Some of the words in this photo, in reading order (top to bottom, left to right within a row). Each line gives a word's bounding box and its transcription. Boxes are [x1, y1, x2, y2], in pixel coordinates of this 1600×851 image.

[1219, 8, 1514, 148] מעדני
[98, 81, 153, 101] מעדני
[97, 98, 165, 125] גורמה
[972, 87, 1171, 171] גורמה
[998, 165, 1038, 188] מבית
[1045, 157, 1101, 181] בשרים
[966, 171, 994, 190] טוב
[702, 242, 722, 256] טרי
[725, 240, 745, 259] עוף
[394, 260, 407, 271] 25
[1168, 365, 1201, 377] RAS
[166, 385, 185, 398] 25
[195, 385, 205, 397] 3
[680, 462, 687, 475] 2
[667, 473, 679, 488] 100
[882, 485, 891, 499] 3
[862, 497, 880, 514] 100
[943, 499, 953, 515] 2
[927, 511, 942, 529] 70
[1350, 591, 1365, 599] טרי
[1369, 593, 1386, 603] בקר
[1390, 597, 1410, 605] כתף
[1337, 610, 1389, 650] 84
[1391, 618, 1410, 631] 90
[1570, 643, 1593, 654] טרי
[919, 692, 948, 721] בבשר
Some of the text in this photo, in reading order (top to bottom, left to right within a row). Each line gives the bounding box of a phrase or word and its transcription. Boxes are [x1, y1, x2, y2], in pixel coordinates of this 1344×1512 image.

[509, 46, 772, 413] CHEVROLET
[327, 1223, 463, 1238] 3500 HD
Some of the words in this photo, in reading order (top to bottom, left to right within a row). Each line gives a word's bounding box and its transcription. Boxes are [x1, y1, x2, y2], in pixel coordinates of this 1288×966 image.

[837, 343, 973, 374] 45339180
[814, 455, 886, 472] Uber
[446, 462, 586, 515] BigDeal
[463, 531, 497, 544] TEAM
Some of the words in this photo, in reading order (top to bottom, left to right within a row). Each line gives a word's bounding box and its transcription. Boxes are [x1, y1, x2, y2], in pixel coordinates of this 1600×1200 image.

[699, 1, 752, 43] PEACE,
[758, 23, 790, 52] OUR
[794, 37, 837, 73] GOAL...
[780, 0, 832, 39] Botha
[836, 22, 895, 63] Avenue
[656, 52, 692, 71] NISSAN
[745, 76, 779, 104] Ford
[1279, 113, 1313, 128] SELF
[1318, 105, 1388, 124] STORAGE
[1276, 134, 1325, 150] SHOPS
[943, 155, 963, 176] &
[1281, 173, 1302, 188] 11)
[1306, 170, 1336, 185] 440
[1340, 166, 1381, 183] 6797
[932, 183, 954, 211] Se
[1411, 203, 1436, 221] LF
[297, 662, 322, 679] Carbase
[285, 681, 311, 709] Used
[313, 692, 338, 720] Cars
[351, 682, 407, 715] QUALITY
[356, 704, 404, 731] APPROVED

PROMPT
Output only the lines from the one holding "this 1288×966 image." through the last line above, exactly as they appear.

TASK SOLUTION
Some of the words in this photo, in reading order (top to bottom, left to right within a row). Each line gives a word's bounding box and its transcription. Boxes are [x1, y1, x2, y2], in pixel coordinates of this 1288×966 image.

[837, 343, 973, 374] 45339180
[814, 455, 886, 472] Uber
[446, 462, 586, 515] BigDeal
[463, 531, 497, 544] TEAM
Some of the words in this photo, in reading order (top to bottom, left to right within a row). Each line gives a word's bounding box and its transcription. Boxes are [x1, y1, x2, y2], in pixel coordinates of this 1600×1200 image.

[699, 1, 752, 43] PEACE,
[758, 23, 790, 52] OUR
[794, 37, 837, 73] GOAL...
[780, 0, 832, 39] Botha
[836, 22, 895, 63] Avenue
[656, 52, 692, 71] NISSAN
[745, 76, 779, 104] Ford
[1279, 113, 1313, 128] SELF
[1318, 105, 1388, 124] STORAGE
[1276, 134, 1325, 150] SHOPS
[943, 155, 963, 176] &
[1281, 173, 1302, 188] 11)
[1306, 170, 1336, 185] 440
[1340, 166, 1381, 183] 6797
[932, 183, 954, 211] Se
[1411, 203, 1436, 221] LF
[297, 662, 322, 679] Carbase
[285, 681, 311, 709] Used
[313, 692, 338, 720] Cars
[351, 682, 407, 715] QUALITY
[356, 704, 404, 731] APPROVED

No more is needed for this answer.